*** DATASET ENTRIES Section Begins ***

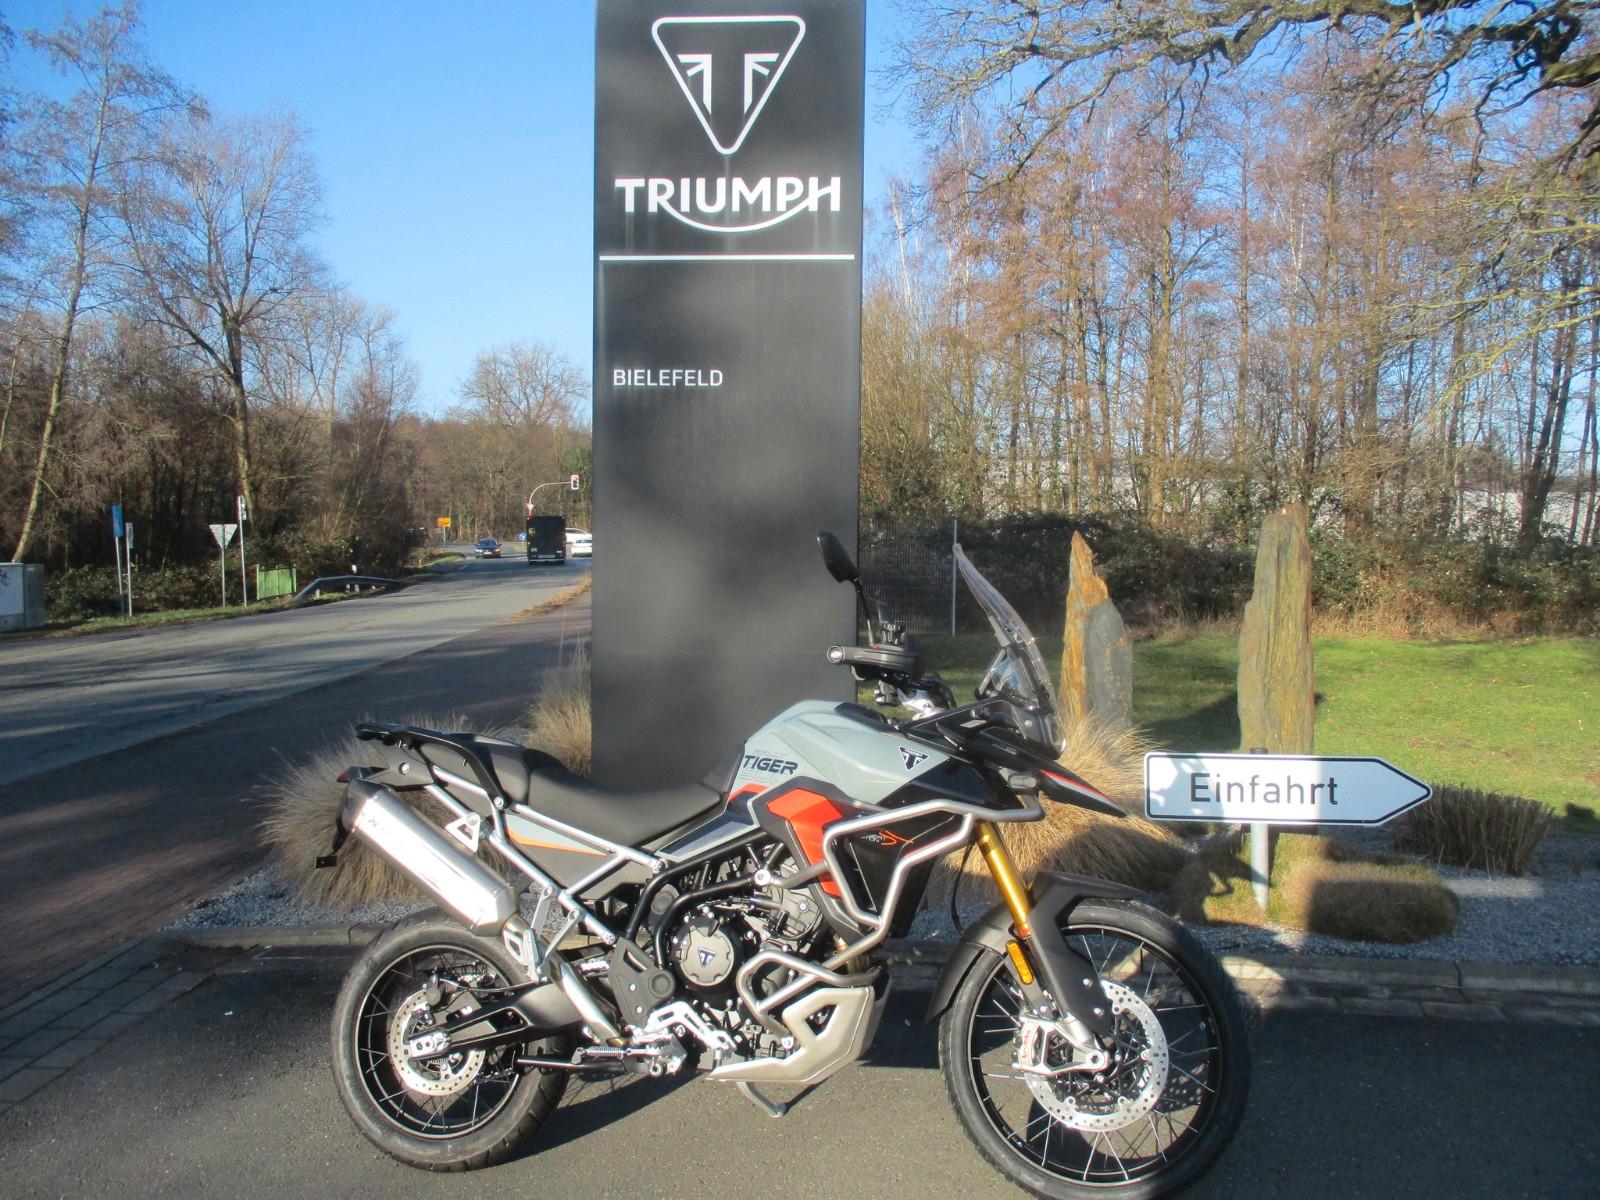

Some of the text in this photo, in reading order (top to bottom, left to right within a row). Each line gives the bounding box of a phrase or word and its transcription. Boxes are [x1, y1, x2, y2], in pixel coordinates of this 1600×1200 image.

[614, 176, 841, 233] TRIUMPH
[613, 369, 723, 387] BIELEFELD
[743, 755, 798, 775] TIGER
[1190, 772, 1338, 806] Einfahrt

*** DATASET ENTRIES Section Ends ***

EXERCISE GOAL
Repeat the entries exactly as they are given, leaving out each image.

SOLUTION FOR THIS PROBLEM
Some of the text in this photo, in reading order (top to bottom, left to right within a row). Each line gives the bounding box of a phrase or word and its transcription. Boxes are [x1, y1, x2, y2], in pixel coordinates of this 1600×1200 image.

[614, 176, 841, 233] TRIUMPH
[613, 369, 723, 387] BIELEFELD
[743, 755, 798, 775] TIGER
[1190, 772, 1338, 806] Einfahrt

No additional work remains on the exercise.